* _Goal of the exercise_
The whole listing below needs to be duplicated exactly, pictures aside.

* _Provided data_
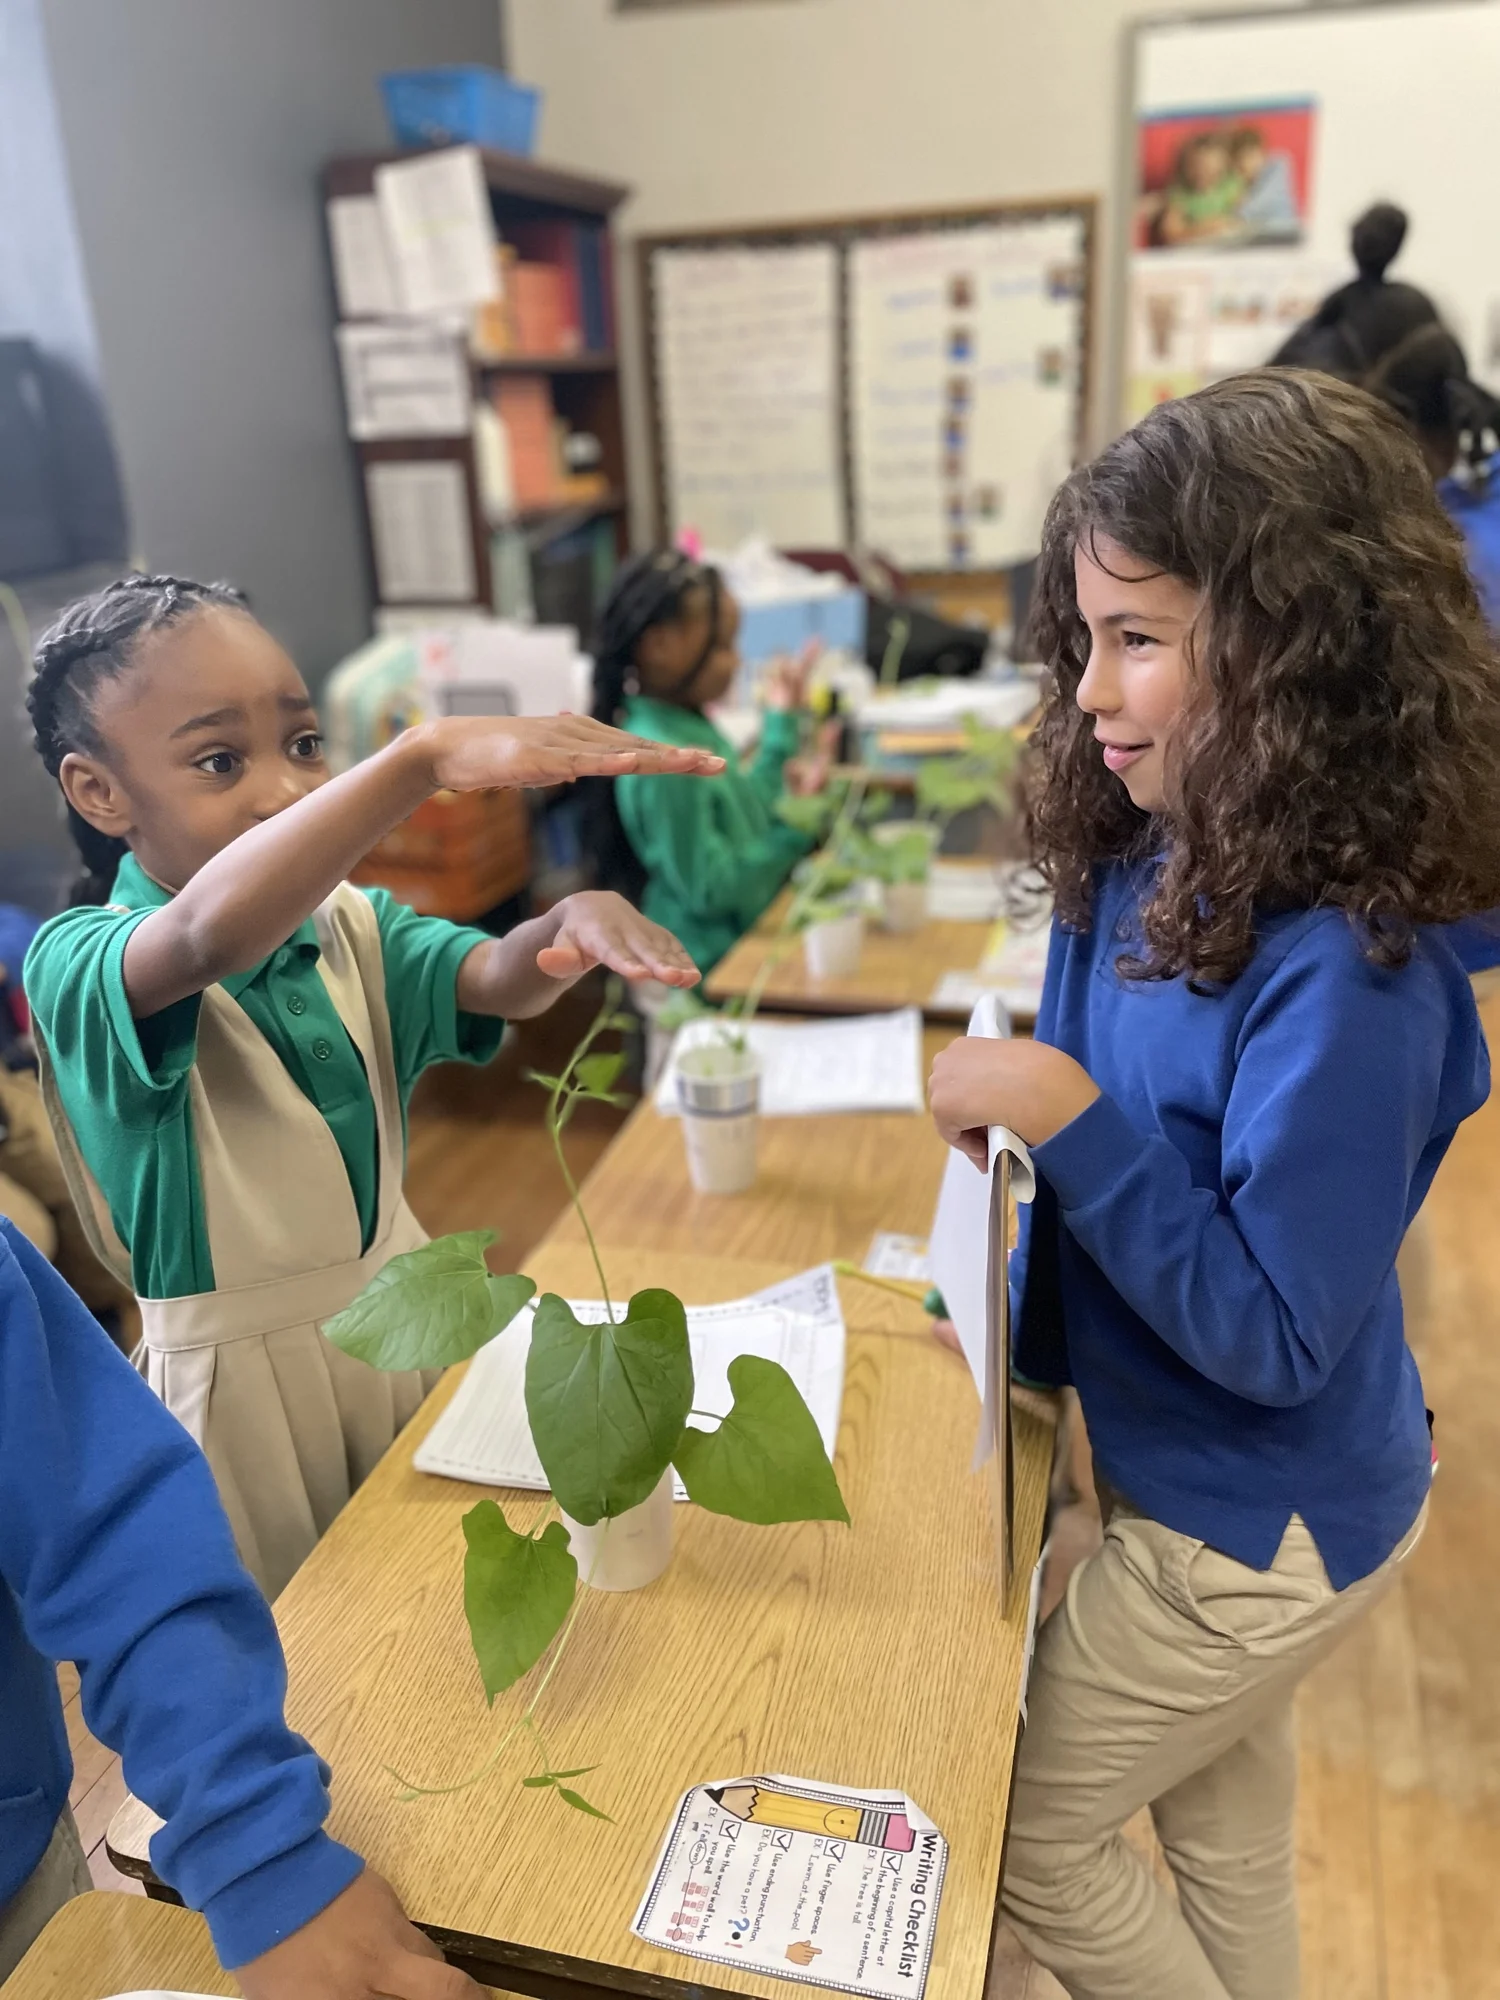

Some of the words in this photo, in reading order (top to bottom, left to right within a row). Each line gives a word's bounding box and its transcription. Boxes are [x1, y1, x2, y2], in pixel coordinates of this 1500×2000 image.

[709, 1841, 720, 1856] you
[724, 1843, 737, 1859] Use
[757, 1841, 769, 1852] Do
[719, 1860, 731, 1873] the
[771, 1852, 784, 1868] Use
[910, 1832, 938, 1895] Writing
[746, 1868, 760, 1887] have
[824, 1863, 837, 1878] Use
[861, 1866, 874, 1881] The
[877, 1869, 888, 1883] the
[711, 1874, 724, 1896] word
[761, 1868, 776, 1894] ending
[891, 1877, 903, 1892] Use
[818, 1879, 833, 1905] finger
[857, 1882, 869, 1901] tree
[866, 1884, 886, 1921] beginning
[883, 1900, 895, 1929] capital
[695, 1924, 711, 1942] help
[866, 1920, 877, 1933] of
[879, 1928, 893, 1955] letter
[897, 1899, 927, 1978] Checklist
[855, 1940, 870, 1980] sentence.
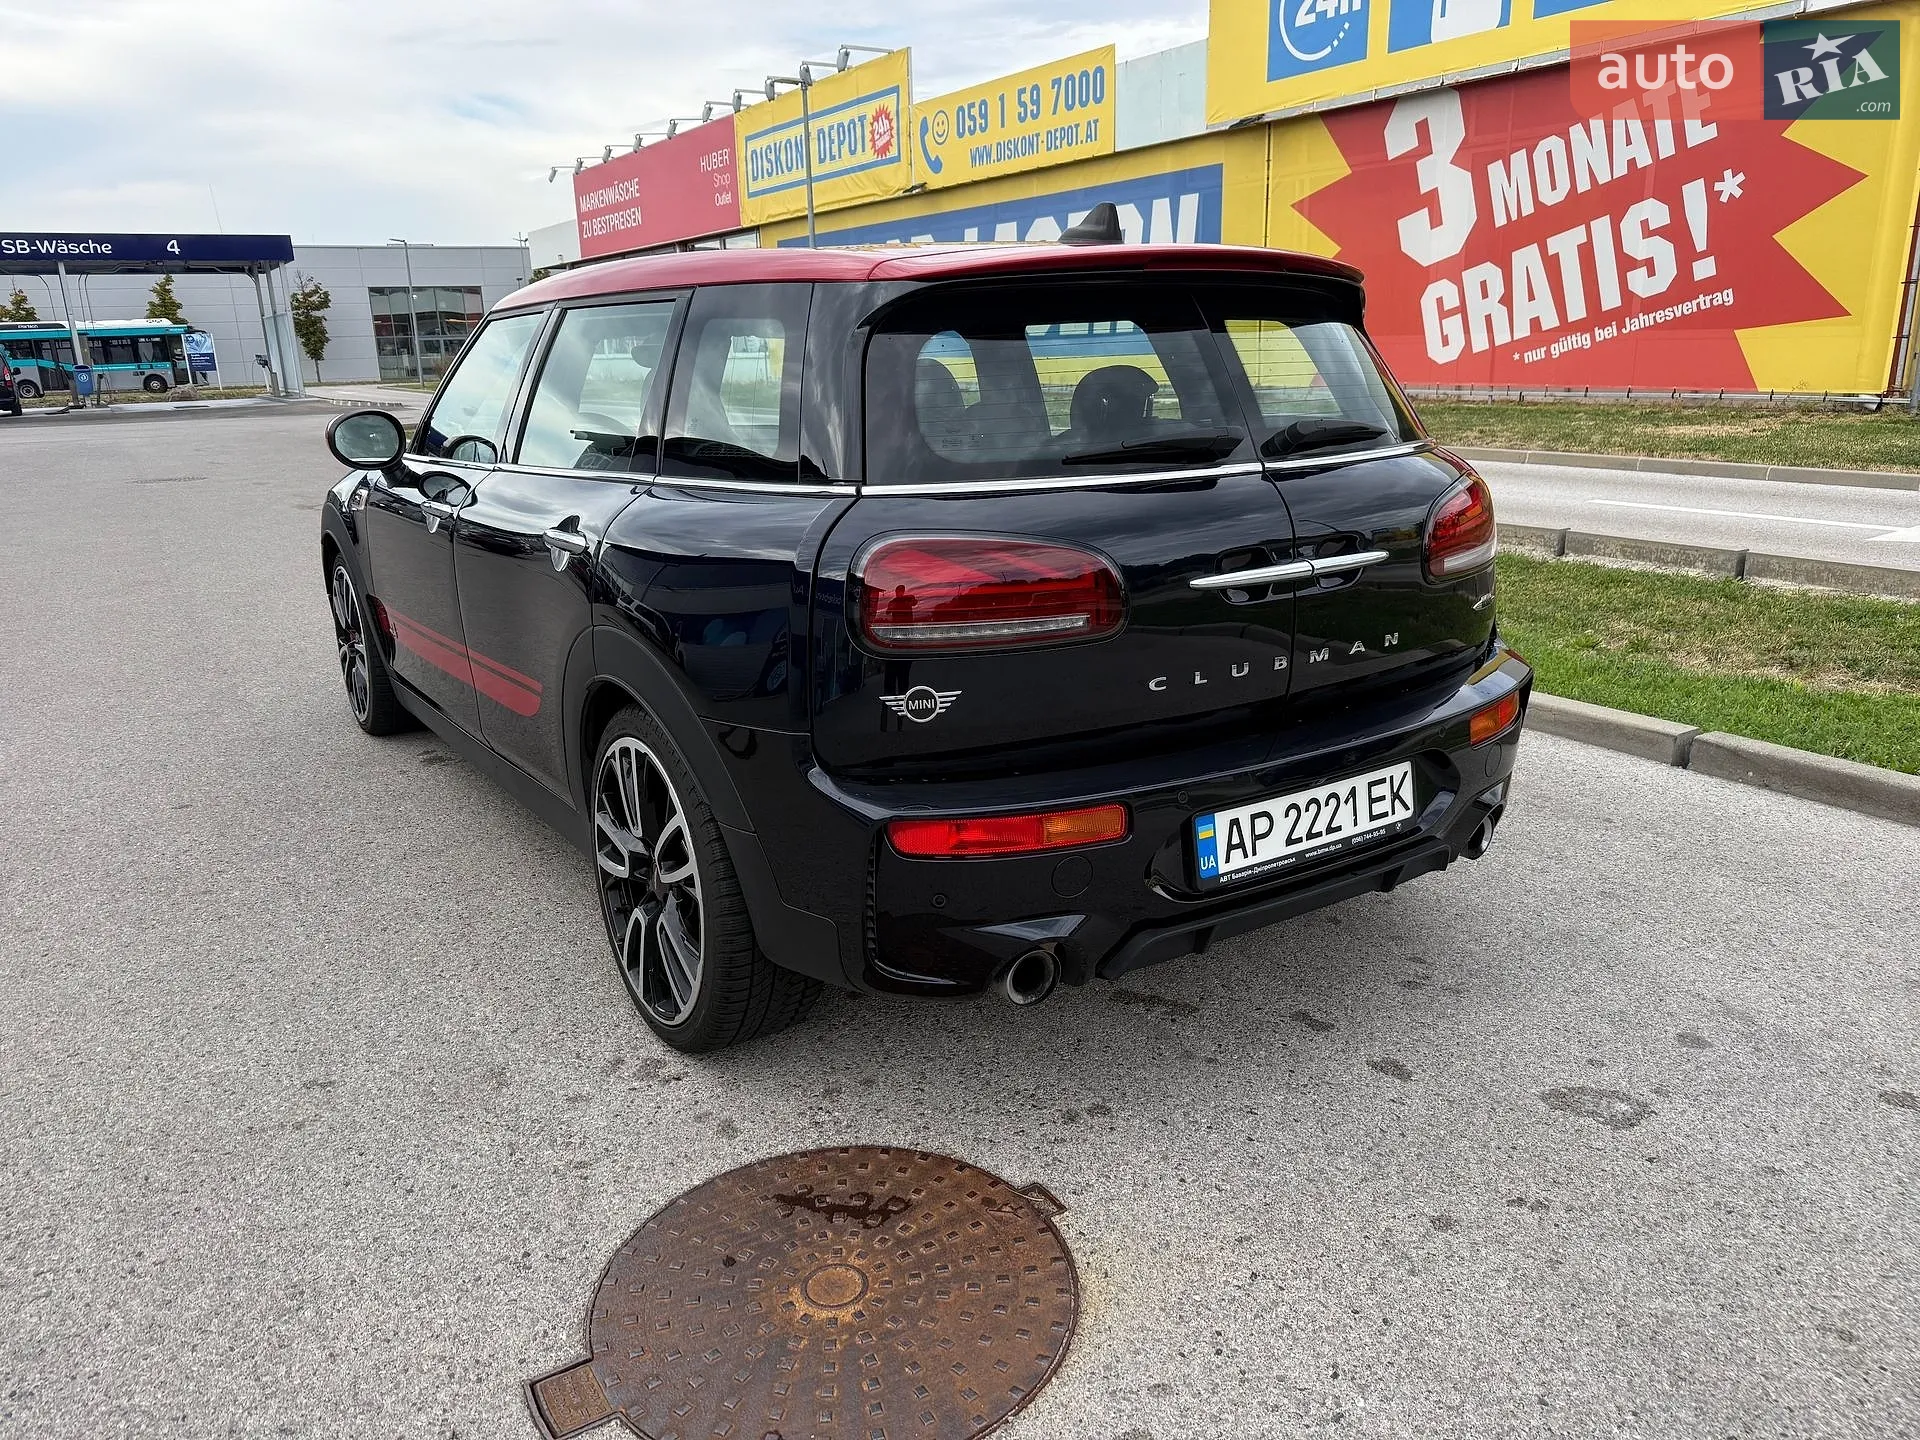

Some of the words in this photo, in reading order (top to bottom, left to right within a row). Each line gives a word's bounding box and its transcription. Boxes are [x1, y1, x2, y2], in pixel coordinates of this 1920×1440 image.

* _Task solution_
Some of the words in this photo, in reading order (top to bottom, left to right within a row). Each line gives a word's bounding box and its transcription. Boxes are [x1, y1, x2, y2], in pixel coordinates of this 1500×2000 image.

[709, 1841, 720, 1856] you
[724, 1843, 737, 1859] Use
[757, 1841, 769, 1852] Do
[719, 1860, 731, 1873] the
[771, 1852, 784, 1868] Use
[910, 1832, 938, 1895] Writing
[746, 1868, 760, 1887] have
[824, 1863, 837, 1878] Use
[861, 1866, 874, 1881] The
[877, 1869, 888, 1883] the
[711, 1874, 724, 1896] word
[761, 1868, 776, 1894] ending
[891, 1877, 903, 1892] Use
[818, 1879, 833, 1905] finger
[857, 1882, 869, 1901] tree
[866, 1884, 886, 1921] beginning
[883, 1900, 895, 1929] capital
[695, 1924, 711, 1942] help
[866, 1920, 877, 1933] of
[879, 1928, 893, 1955] letter
[897, 1899, 927, 1978] Checklist
[855, 1940, 870, 1980] sentence.

Some of the words in this photo, in reading order (top to bottom, left to right within a row). Each line gives a word's bounding box and its transcription. Boxes are [x1, y1, x2, y2], in pixel coordinates of this 1920×1440 image.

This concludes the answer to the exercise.